The first statistical transformation is the `histogram()` function, which performs a binning operation on the data and outputs a histogram.

For example, if we want to visualize a histogram of the column `:AGE`, we can do easily:

``data(df) * mapping(:AGE) * histogram() |> draw``

We can also add faceting to our histogram by specifying either a `layout`, `row` or `col` as keyword arguments inside `mapping()`:

``data(df) * mapping(:AGE; layout = :SEX) * histogram() |> draw``

If you want to customize other aspects of the histogram’s underlying bar plot, you can add a `visual()` layer without any plotting type inside and just with the keyword desired customizations as keywords arguments:

``data(df) * mapping(:AGE; layout = :SEX) * histogram() * visual(; color = :blue) |> draw``

The number of bins to use is determined automatically. But if you want, you can customize with the keyword argument `bins` inside `histogram()`:

``data(df) * mapping(:AGE) * histogram(; bins = 20) |> draw``

`histogram()` also has a `normalization` keyword argument which lets you specify a normalization scheme. There are 4 possible normalizations schemes and you can specify them using the corresponding `Symbol`s:

1. `:none`: the default, no normalization applied, i.e. raw count.
2. `:pdf`: normalize by sum of weights and bin sizes. The resulting histogram will behave as a probability density function (PDF) which the sum of all bins sums to 1.
3. `:density`: normalize by bin sizes only. The resulting histogram represents count density of input and does not sum to 1.
4. `:probability`: normalize by sum of weights only. The resulting histogram represents the fraction of probability mass for each bin and does not sum to 1.
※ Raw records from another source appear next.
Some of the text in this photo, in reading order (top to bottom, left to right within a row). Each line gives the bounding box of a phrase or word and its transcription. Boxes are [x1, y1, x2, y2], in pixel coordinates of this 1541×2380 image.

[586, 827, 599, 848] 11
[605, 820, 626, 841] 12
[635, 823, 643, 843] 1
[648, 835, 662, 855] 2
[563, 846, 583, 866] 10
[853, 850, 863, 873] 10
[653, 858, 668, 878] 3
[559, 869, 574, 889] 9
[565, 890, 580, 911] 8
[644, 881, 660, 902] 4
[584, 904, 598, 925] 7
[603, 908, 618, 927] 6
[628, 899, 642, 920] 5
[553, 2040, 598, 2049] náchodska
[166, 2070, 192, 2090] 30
Our advice is to use either `:none` (the default) for a raw histogram or `:pdf` for a relative histogram.

``data(df) * mapping(:AGE) * histogram(; normalization = :pdf) |> draw``
Tip

Note that the default y-axis label changes with `normalization`. In the default case, `:none`, the y-label is `count` and in the `:pdf` case `pdf`.
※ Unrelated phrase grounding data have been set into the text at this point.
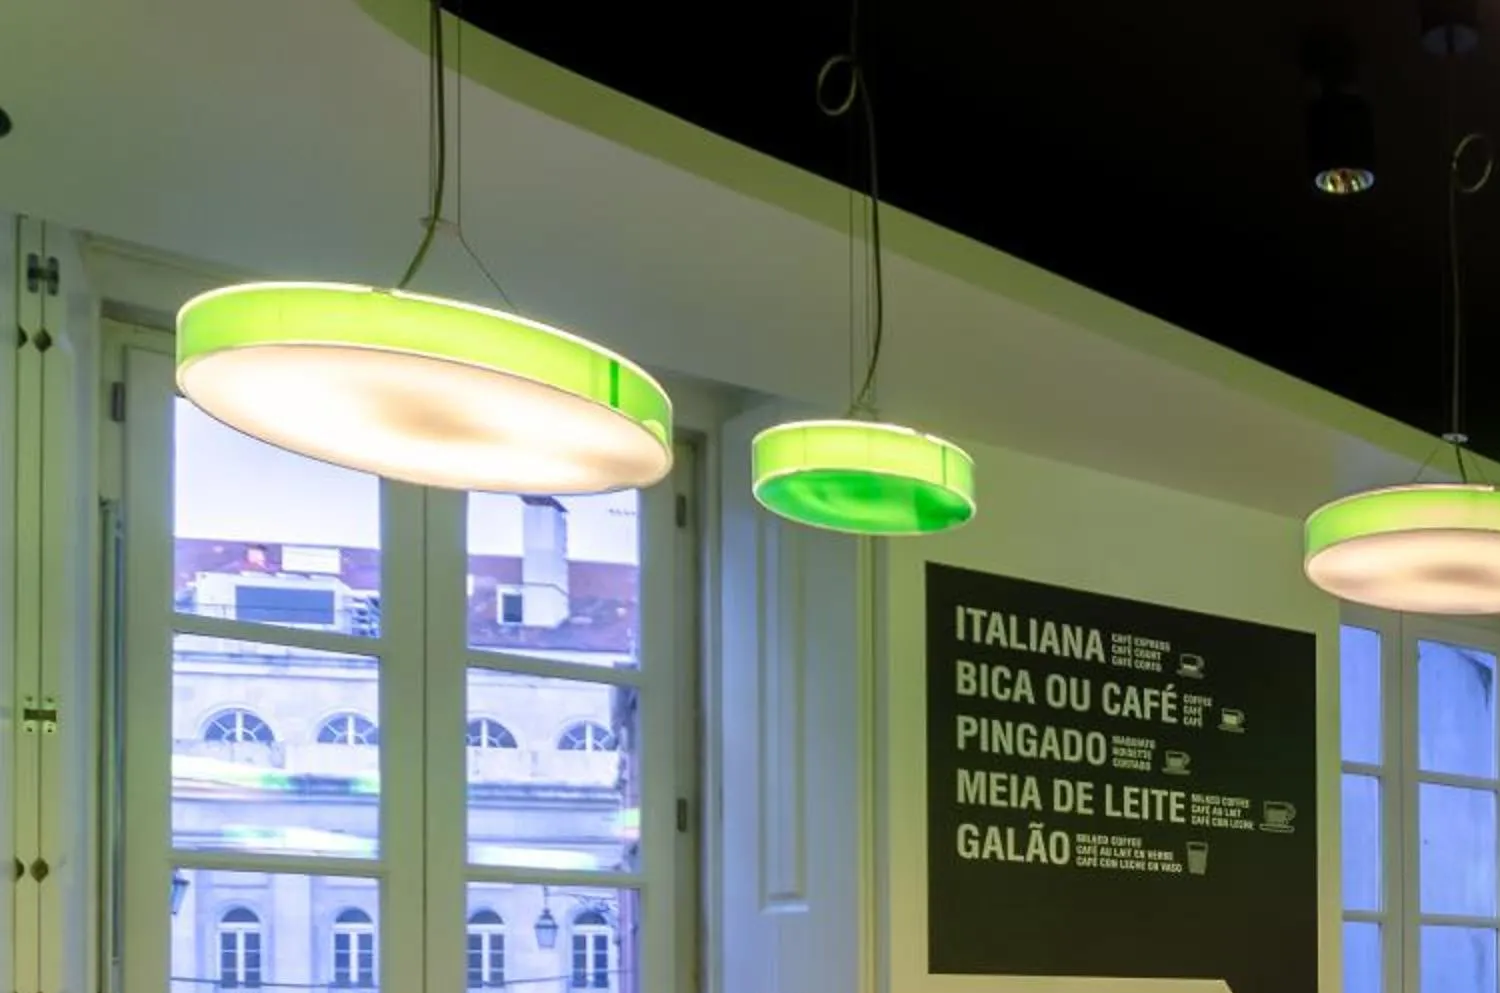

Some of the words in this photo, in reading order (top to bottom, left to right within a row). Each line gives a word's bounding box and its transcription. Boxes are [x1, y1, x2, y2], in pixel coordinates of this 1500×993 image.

[956, 605, 1106, 663] ITALIANA
[956, 659, 1036, 705] BICA
[1045, 673, 1091, 712] OU
[1102, 683, 1178, 724] CAFÉ
[956, 714, 1107, 766] PINGADO
[956, 767, 1043, 811] MEIA
[1052, 778, 1095, 816] DE
[1104, 783, 1187, 824] LEITE
[956, 822, 1071, 866] GALÃO
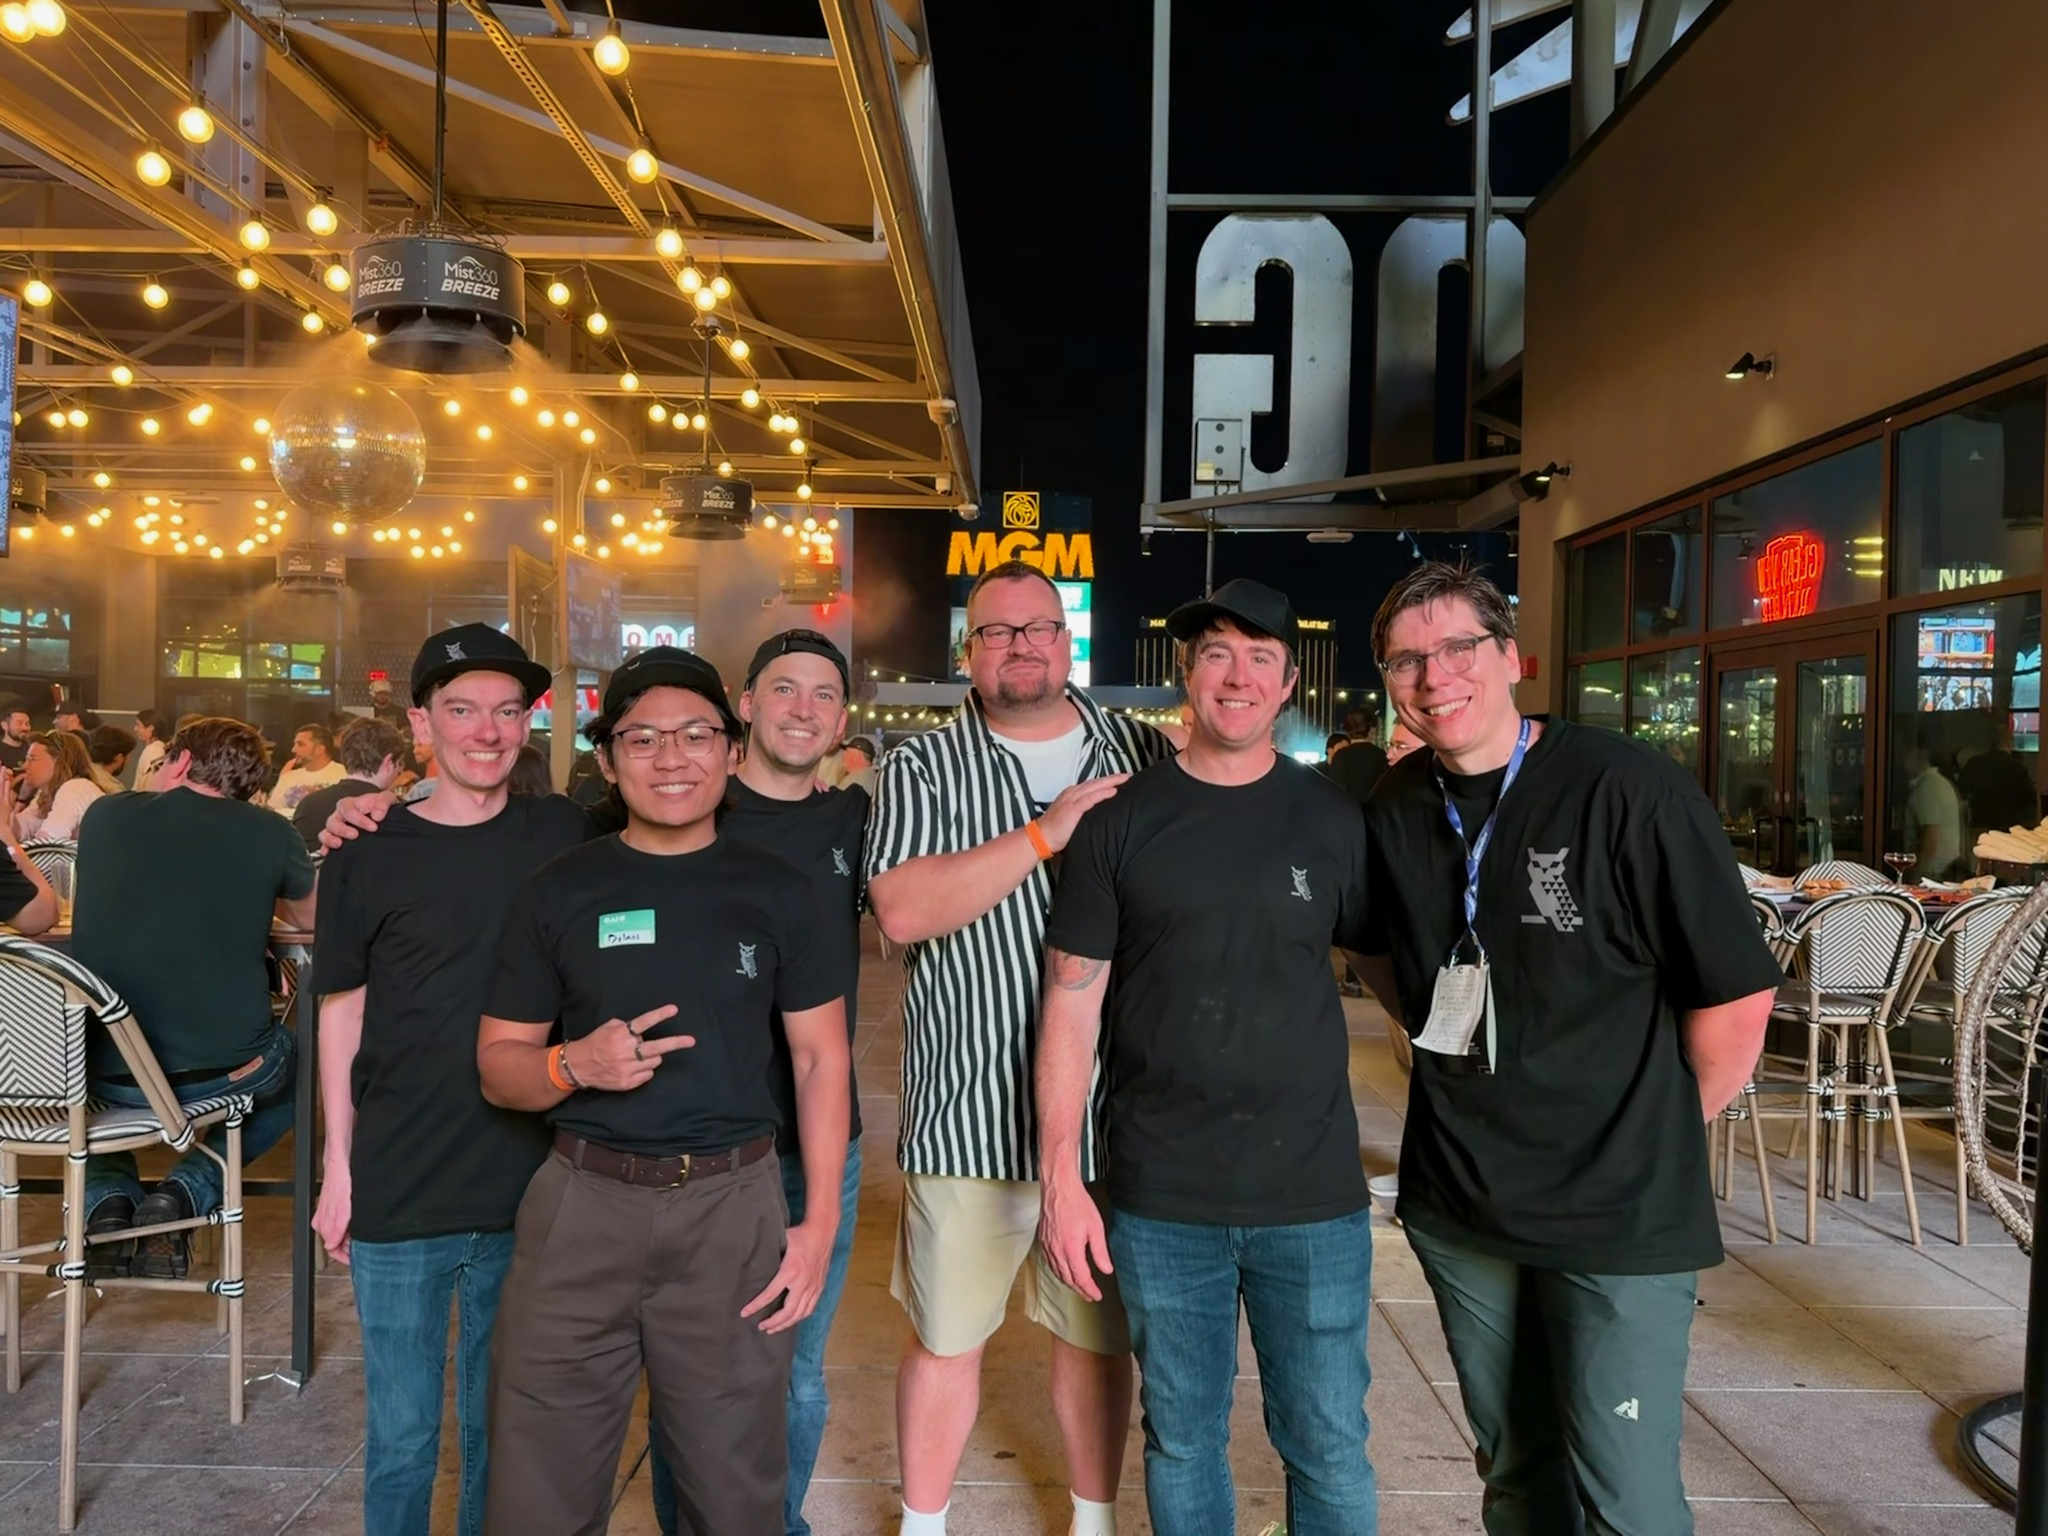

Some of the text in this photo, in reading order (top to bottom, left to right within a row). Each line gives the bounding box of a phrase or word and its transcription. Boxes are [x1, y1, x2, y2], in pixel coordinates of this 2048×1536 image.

[359, 260, 402, 282] Mist360
[444, 261, 498, 286] Mist360
[357, 278, 405, 298] BREEZE
[440, 279, 500, 300] BREEZE
[702, 499, 735, 509] BREEZE
[946, 530, 1094, 578] MGM
You can also specify a two-axes `histogram()` transformation, i.e. a 2-D histogram plot.

This is similar to `geom_tile()` in `ggplot2`.

For example, let’s add the column `:eGFR` to take a look at the relationship between age and kidney function:

``data(df) * mapping(:AGE, :eGFR) * histogram() |> draw``

Notice that by default a 2-D histogram uses the `visual(Heatmap)` under the hood:

``data(df) * mapping(:AGE, :eGFR) * histogram() * visual(Heatmap) |> draw``

We can also change the `colormap` keyword argument inside `visual()`. Let’s make a black and white printer-friendly visualization with `colormap = Reverse(:greys)`:

``data(df) * mapping(:AGE, :eGFR) * histogram() * visual(; colormap = Reverse(:greys)) |> draw``

### 2.2`density()`

Our second statistical function is `density()` which fits a kernel density estimation (KDE) of the underlying data.

Using the same example column `:AGE` as before, we just change the function to `density()`:

Caution

Both `AoG.jl` and `CairoMakie.jl` exports a function named `density()`. So if we just blindly use `density()` we get an error:

``density()``
``WARNING: both AlgebraOfGraphics and CairoMakie export "density"; uses of it in module Notebook must be qualified``
``UndefVarError: UndefVarError(:density)``

Thus, we need to qualify which `density()` function we want with `Package.function` naming. This is why need to call `AlgebraOfGraphics.density()`.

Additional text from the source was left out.